Im ostukrainischen Charkiw hat nach Angaben der Caritas eine russische Rakete eine Mitarbeiterin der Hilfsorganisation getötet. Am Wochenende sei ihr Wohnhaus durch den Raketentreffer vollständig zerstört worden, teilte Caritas international am Montag in Freiburg mit. Der zehnjährige Sohn der Frau habe überlebt. Die Sozialarbeiterin habe engagiert und hingebungsvoll in einem Caritas-Team für medizinische Hilfen gearbeitet und sich täglich für Menschen eingesetzt, die Hilfe am nötigsten brauchten.

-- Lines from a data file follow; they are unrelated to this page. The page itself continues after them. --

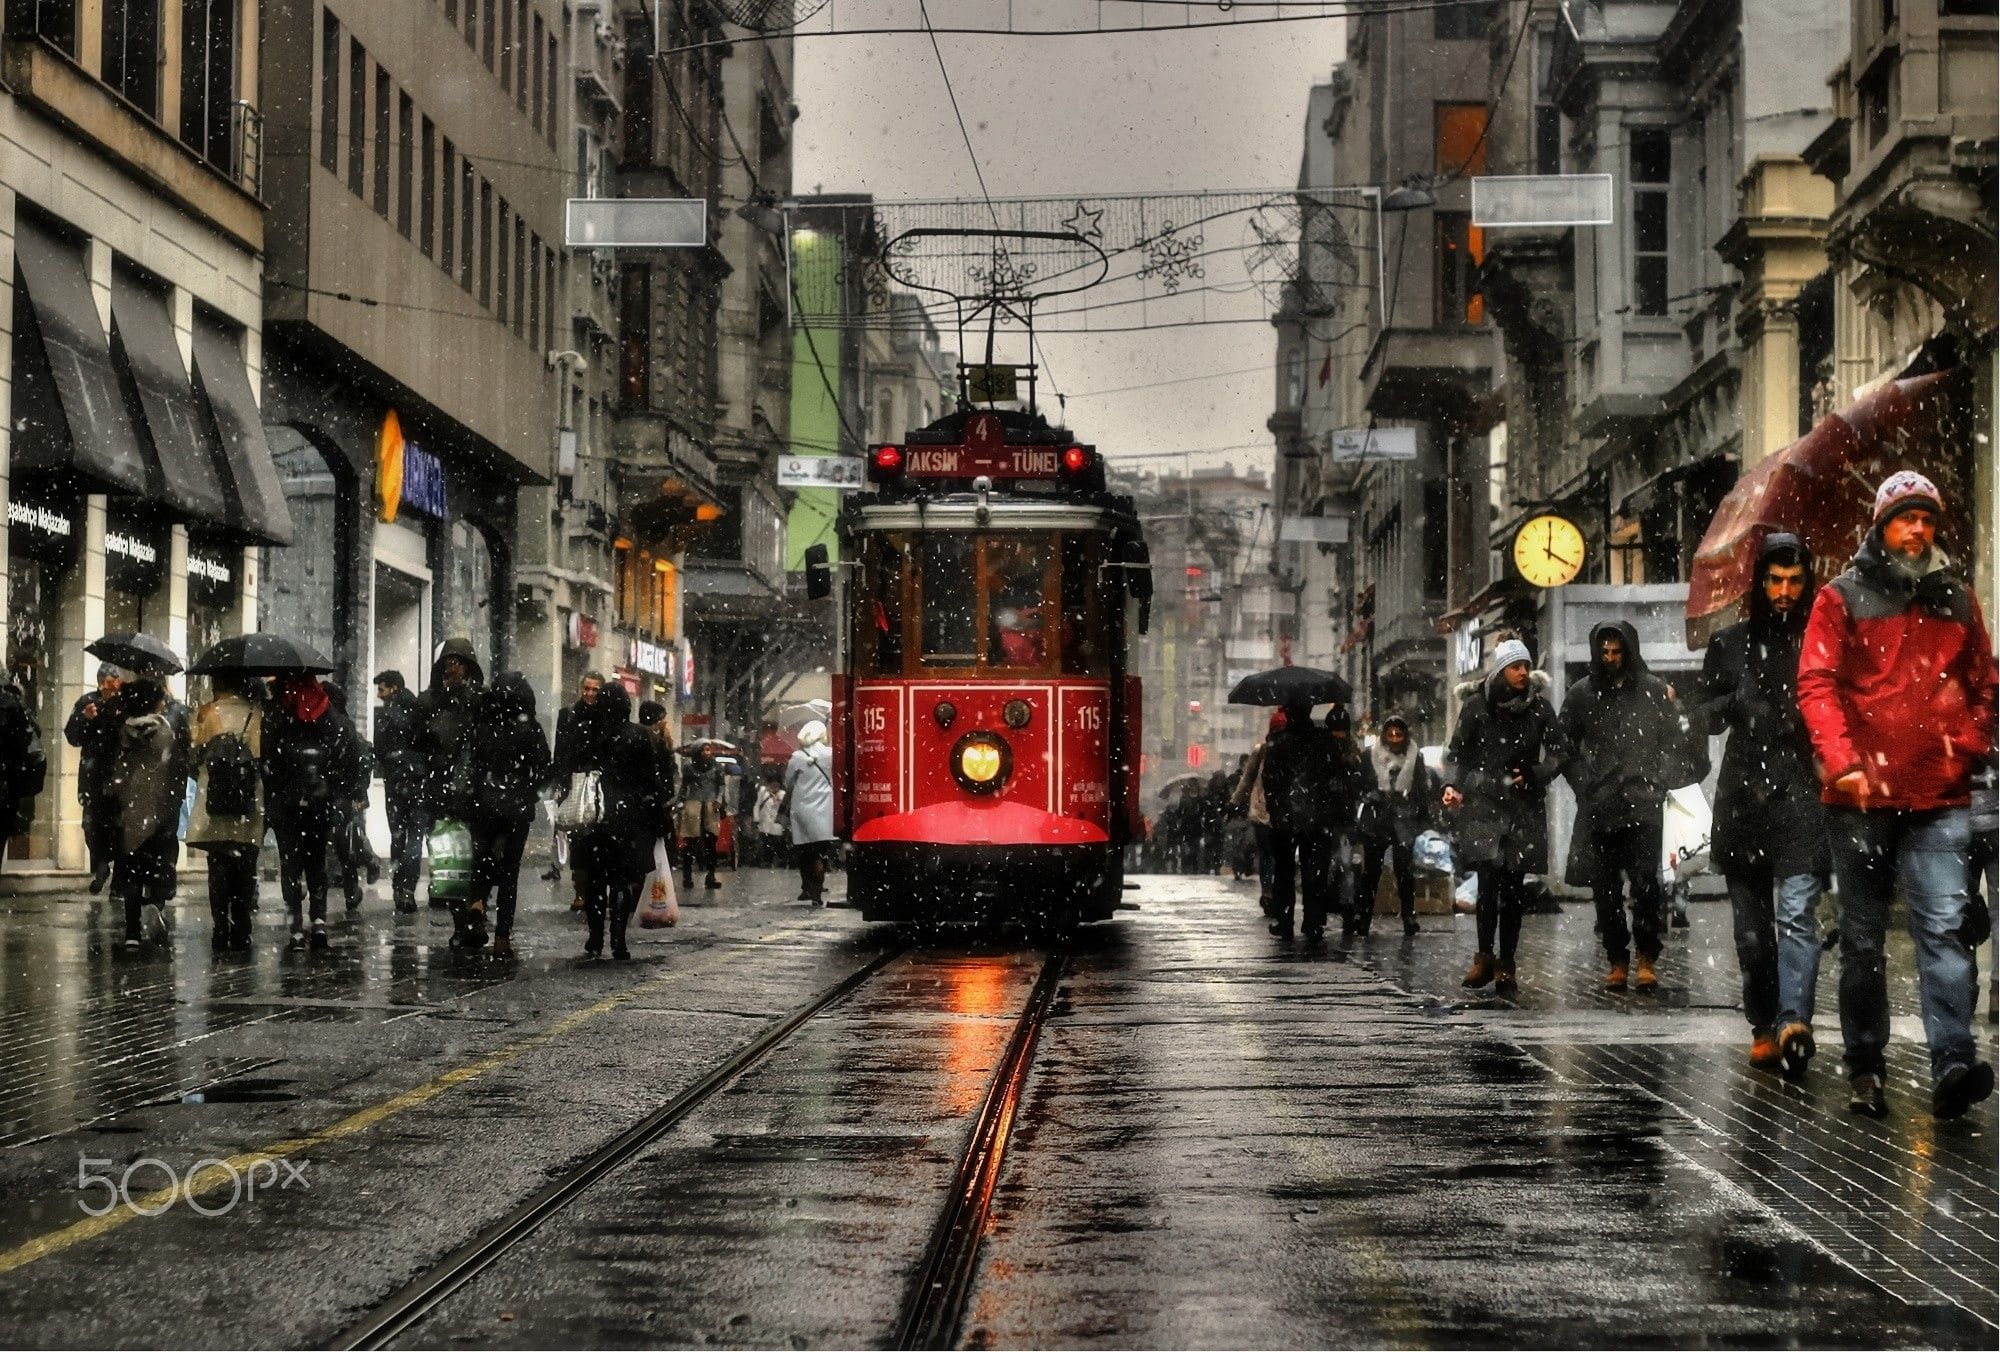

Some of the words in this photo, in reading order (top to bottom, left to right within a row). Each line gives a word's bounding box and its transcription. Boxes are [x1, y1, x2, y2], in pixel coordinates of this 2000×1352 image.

[975, 417, 988, 442] 4
[905, 448, 958, 472] TAKSİM
[8, 500, 37, 531] aşabahçe
[863, 707, 885, 731] 115
[1078, 706, 1100, 730] 115

„Wir sind tief erschüttert über den Tod unserer Kollegin der Caritas Ukraine. Gleichzeitig sind wir sehr froh, dass ihr zehnjähriger Sohn diese Tragödie überlebt hat“, sagte Oliver Müller, Leiter von Caritas international und Vorstand Internationales, Migration und Katastrophenhilfe des Deutschen Caritasverbande. Es sei bereits der zweite schwere Schicksalsschlag, den die Familie der Mitarbeiterin in diesem Krieg erleide, bereits 2022 habe sie aus ihrer Heimatstadt Wowtschansk fliehen müssen.

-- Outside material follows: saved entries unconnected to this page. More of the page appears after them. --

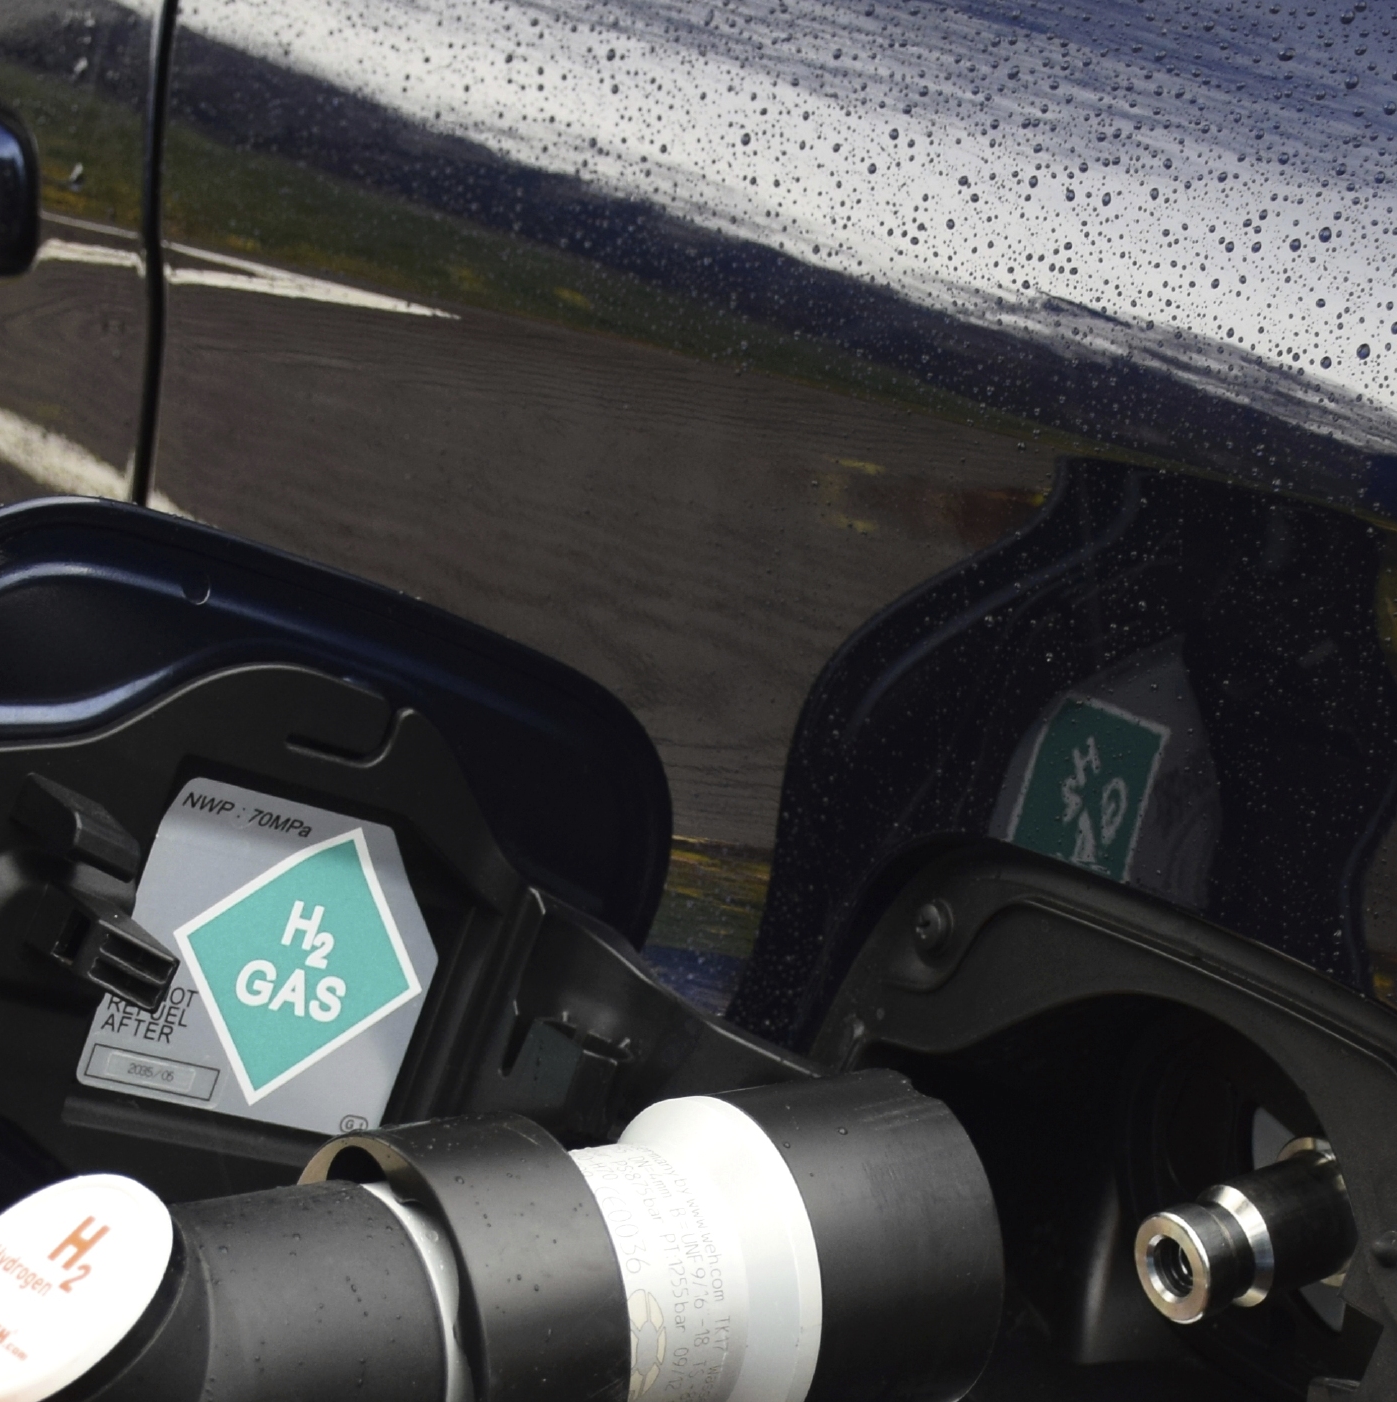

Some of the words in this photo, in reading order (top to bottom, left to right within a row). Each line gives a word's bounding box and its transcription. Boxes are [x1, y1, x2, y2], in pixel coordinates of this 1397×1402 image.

[182, 792, 235, 816] NWP
[248, 808, 313, 838] 70MPa
[280, 899, 335, 970] H2
[164, 986, 199, 1008] OT
[235, 959, 346, 1023] GAS
[100, 1013, 174, 1044] AFTER
[47, 1215, 111, 1293] H2
[686, 1198, 725, 1302] www.weh.com

Caritas international betonte, der Tod der Mitarbeiterin mache erneut deutlich, welche Risiken die humanitären Helfer eingehen. Trotz aller Gefahren habe die Caritas ihre Hilfen auch viereinhalb Jahre nach Kriegsbeginn nicht eingestellt, sondern weiter ausgebaut, hieß es. Seit einigen Monaten nehme die Zahl der russischen Raketen- und Drohnenangriffe im Osten und Süden der Ukraine weiter zu.